SIEM (Security Information and Event Management), this is another area of monitoring that has come into the foreground of monitoring, with all the hacks, this should be the top priority for all organisations.
The aim here is to consolidate logs from many different sources in real time, this is typically (structured /unstructured, firewall, snmp, dns, switch, router, ldap, ids, apache/iis, database and application logs), once this data is received and ingested into the tools engine, it is normalised or index it in such a way that you can run searches, create time series charts, correlate, retain the data for compliance, alert all in real time, these are some of the features and they work really well and fast at it. The reason it’s so fast is that they don’t use the traditional database schemes for accessing the data you want, the datasets tends to be on files which are compressed and indexed and thus the tools can search the data, a bit like googling.
Data is typically collected via agents which come in one form or another, regex can be used to parse the data or the rawdata can also be ingested. As the time stamp is typically recorded on the logs, it’s often use as part of the time series charts.
I started to have a look at two SIEM solutions, as they seem to be the ones many people talk about these days, but there are many other logging solutions and they are not for just SIEM, you can also get business related data, such as how many users bought this product from logs.
I wanted to get a feel for them, and find out how easy or complex they were to use and present some data. This is not a full on review, but I always try to put on my admin hat from many years ago to see how it works under the hood and if I would take to it.
Basic Assessment Criteria:
- Easy of install and config
- Easy of getting data into the engine ( Apache / Security logs is what I looked into)
- Easy of presenting the data
- Documentation Quality
Both on RHEL6.5
Splunk 7
Install and config on my RHEL65 server was easy, I configured a forwarder to point to the logs I wanted to and point it to the Splunk server which was doing all the collecting, indexing and parseing, it has a feature which will detect which type of data source you are from the logs. Once the data was in I could run my searches, the data source was linux_secure
This simple query shows the data from the /var/log/messages log file
index=ops_security_idx* “Failed password”

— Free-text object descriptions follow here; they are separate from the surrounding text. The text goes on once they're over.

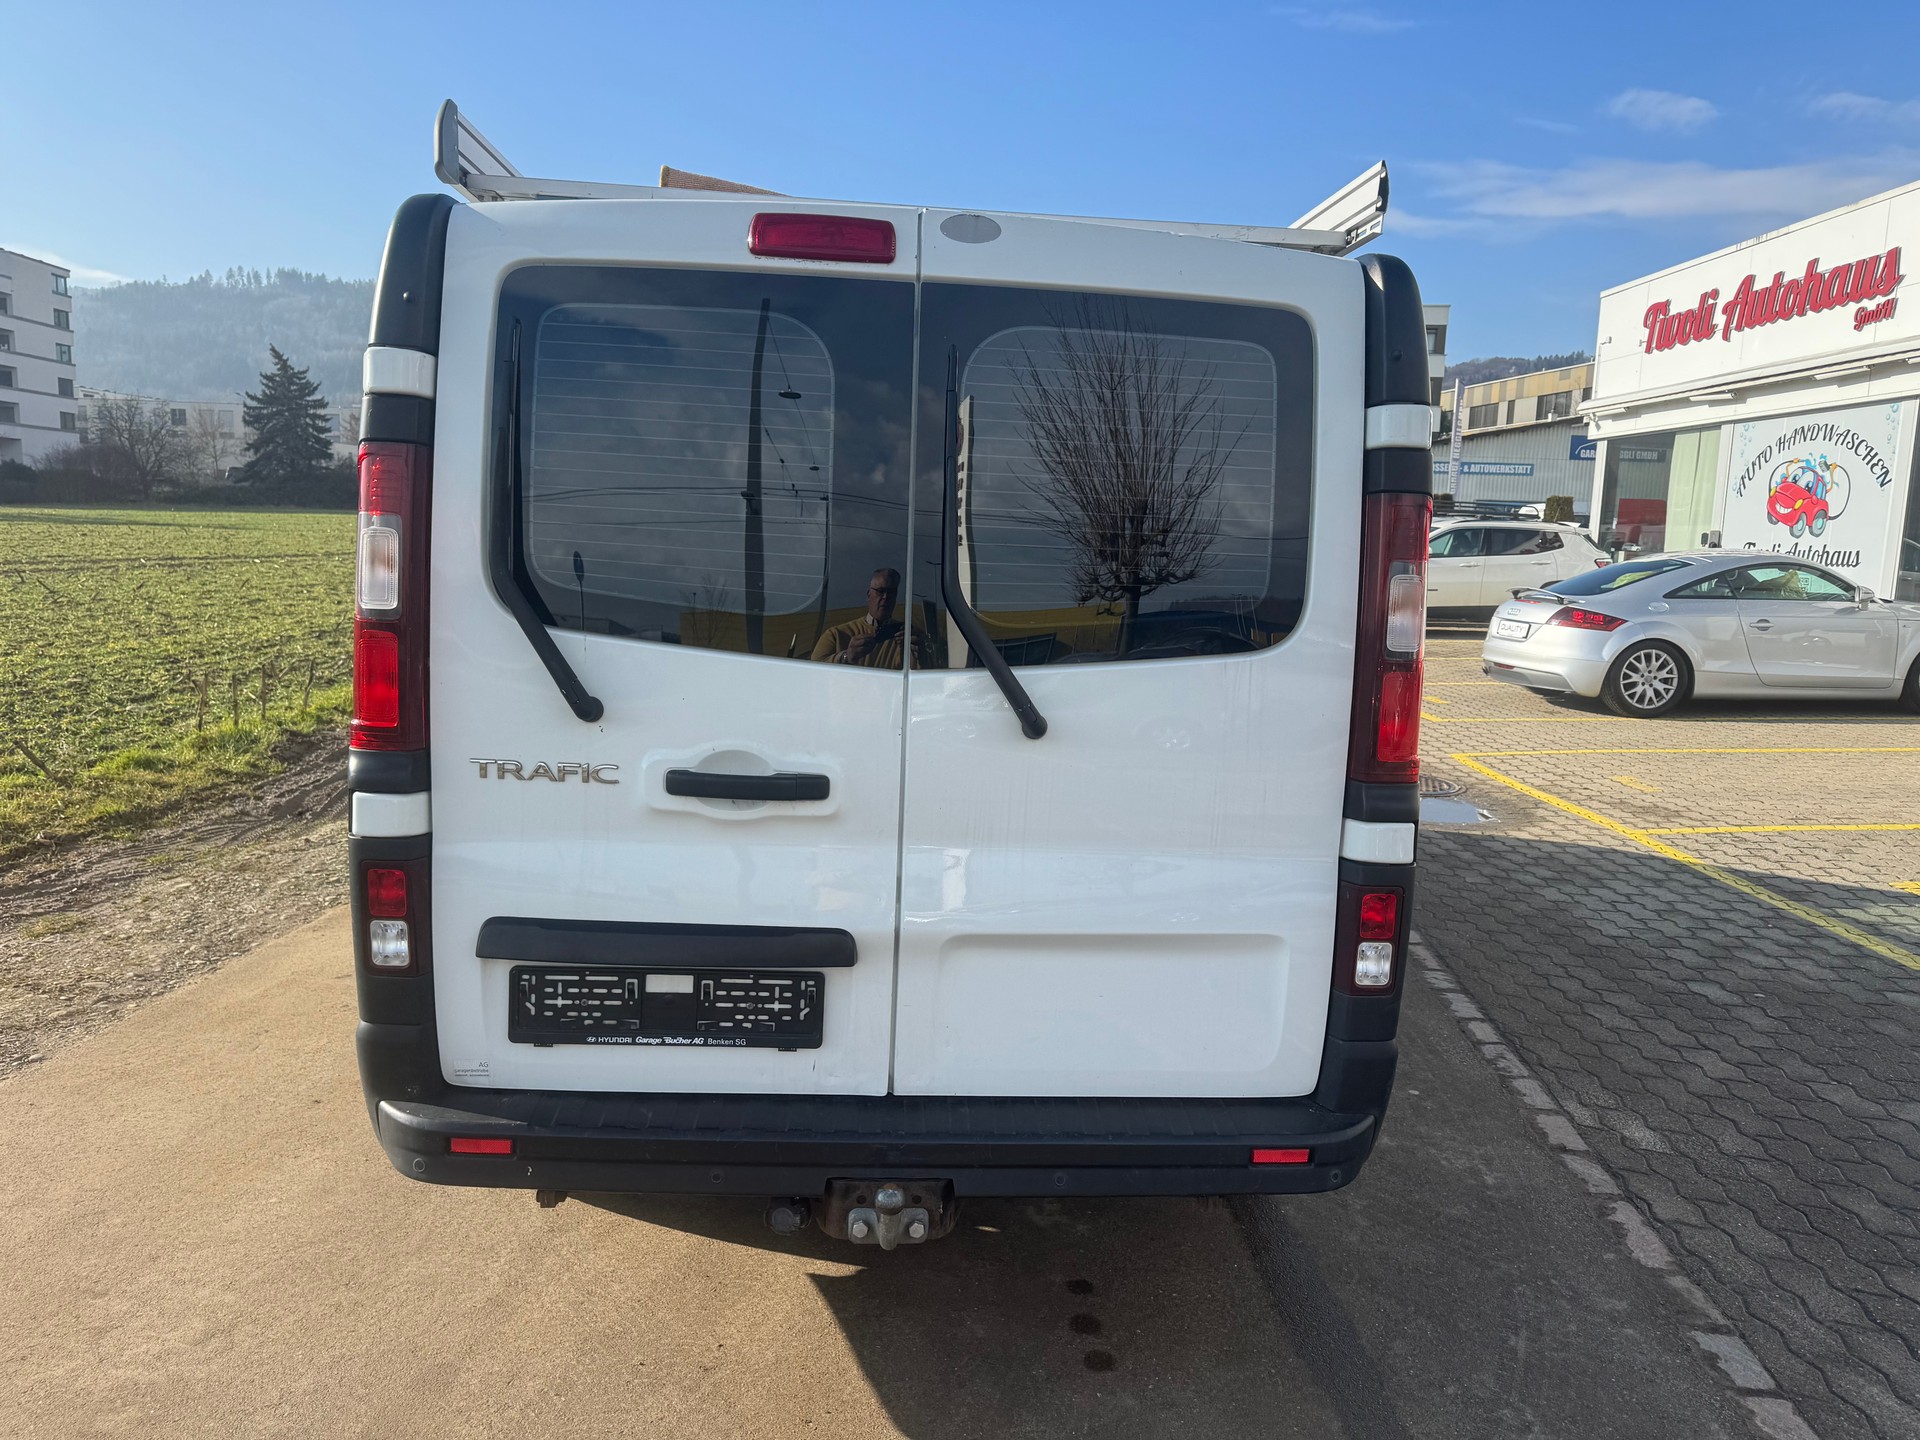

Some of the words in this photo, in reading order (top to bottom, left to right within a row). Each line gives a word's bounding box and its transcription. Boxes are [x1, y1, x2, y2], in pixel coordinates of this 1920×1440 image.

[1644, 288, 1719, 354] Tivoli
[1722, 246, 1905, 342] Autohaus
[1853, 298, 1898, 332] GmbH
[1470, 464, 1532, 474] AUTOWERKSTATT
[1736, 445, 1773, 497] AUTO
[1775, 423, 1892, 489] HANDWASCHEN
[1784, 541, 1862, 568] Autohaus
[469, 757, 620, 784] TRAFIC
[635, 1036, 663, 1045] Garage
[708, 1038, 734, 1046] Benken
[735, 1038, 747, 1046] SG
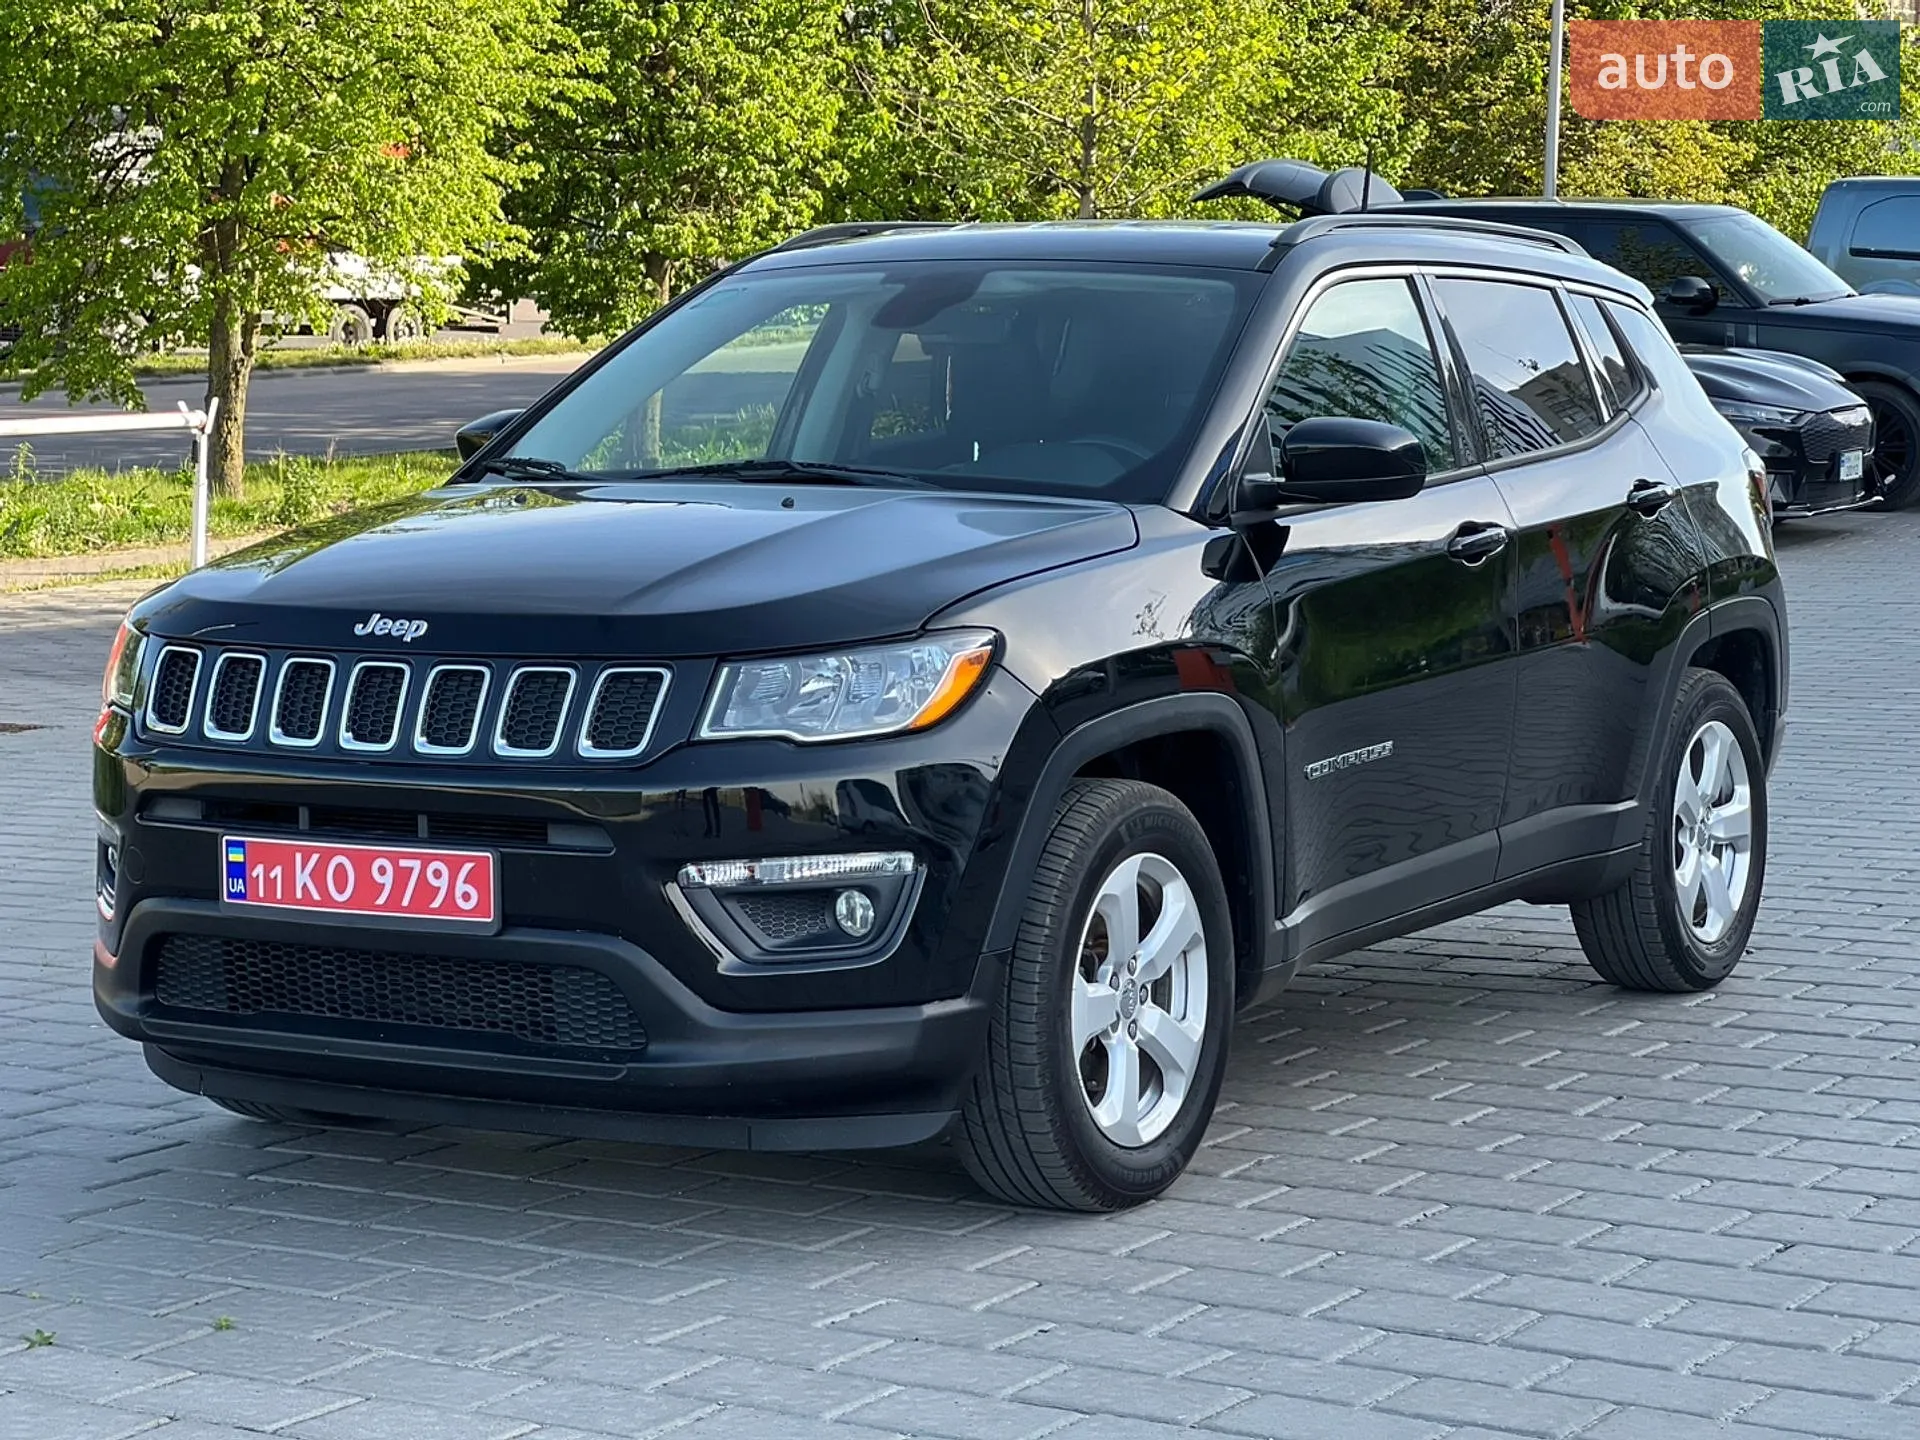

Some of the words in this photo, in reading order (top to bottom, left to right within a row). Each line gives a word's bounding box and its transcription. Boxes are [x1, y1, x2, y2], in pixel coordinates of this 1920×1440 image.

[354, 613, 428, 642] Jeep
[1304, 740, 1394, 780] COMPASS
[229, 878, 245, 894] UA
[251, 863, 283, 900] 11
[294, 852, 356, 903] KO
[370, 857, 479, 911] 9796

This simple query shows the data in a chart (I know it’s only from server, but if you a thousand servers you could scan the data in a short time and find which are the top ones are having logging failure, this could show which servers are the ones someone is trying to get into, simple but very effective)
index=ops_security_idx* “Failed password” | top host (this uses my index called ops_security and searches for the string “Failed password” then pipes it to the function top which then uses the host field.
Elasticsearch
Install and config on my RHEL65 server was fairly easy, I had to download a number of rpm files (elasticsearch/logstash/kibana/filebeats) and set up a few dependencies. Once installed I had to use a number of configuring files to get the component’s working, this included the filebeats (agent) to get some data into the elasticsearch engine.
Once the data was in I could run my searches, the data source was linux_secure
Both SIEM tools are good, but in today fast paced world of monitoring, if you want something that fits into the devops mode of operation and get value quickly, then Splunk would be my first choice, if you have time for set up and configuration then Elastic would be just fine, both are good tools. They had good documentation and forum support, they have free versions with limitations. I found Splunk to be easier to install and configure in my lab but for the enterprise you would need to consider many other variables. They are many add-ons via apps and components to enhance the solution to your needs and a lot of good knowledge in the community.
At the enterprise both tools would need to scale for your use cases so a good performance and sizing exercise would need to be carried out as the volume of data ingested will start to grow very quickly, and if the infrastructure is not fit for purpose it can lead to issues in the long run. The infrastructure that supports these tools needs to be future proofed and be easy to scale out should you need to.
Both had cloud (SaaS) based offerings and easy to set up for a trail period.
After my tinkering, I realised by applying the same project principles as I did for systems and application monitoring projects, you can successfully implement SIEM based tools by following a few key steps.
- Analyse from all the organisations stake holders what log data they would like to use for log analysis and define the use cases.
- Create a charter as to what business, technical, functional and non-functional requirements are and define the logging strategy.
- Select the top SIEM playes on the market – Gartner has good articles on this, then run a POC.
- Based on the POC create a design (lld/hld), define the infrastructure, data sources, web, security logs etc, don’t log everything, only data you’re interested in,
- Train and develop skills for admins and users.
- Deploy as per the design in phased manner. Phase 1 should not include everything, only use the critical features functions required, but add more over time, and grow the solution, this way it will be a mature solution.
- Govern and maintain the solution – speed is everything for logging solution, so ensure the infrastructure is performing as it should, and retire old configurations and apps that are not in use. Don’t leave it to sort itself out, if you no longer monitor various components, ensure that data is not being collected and keep it up-to-date.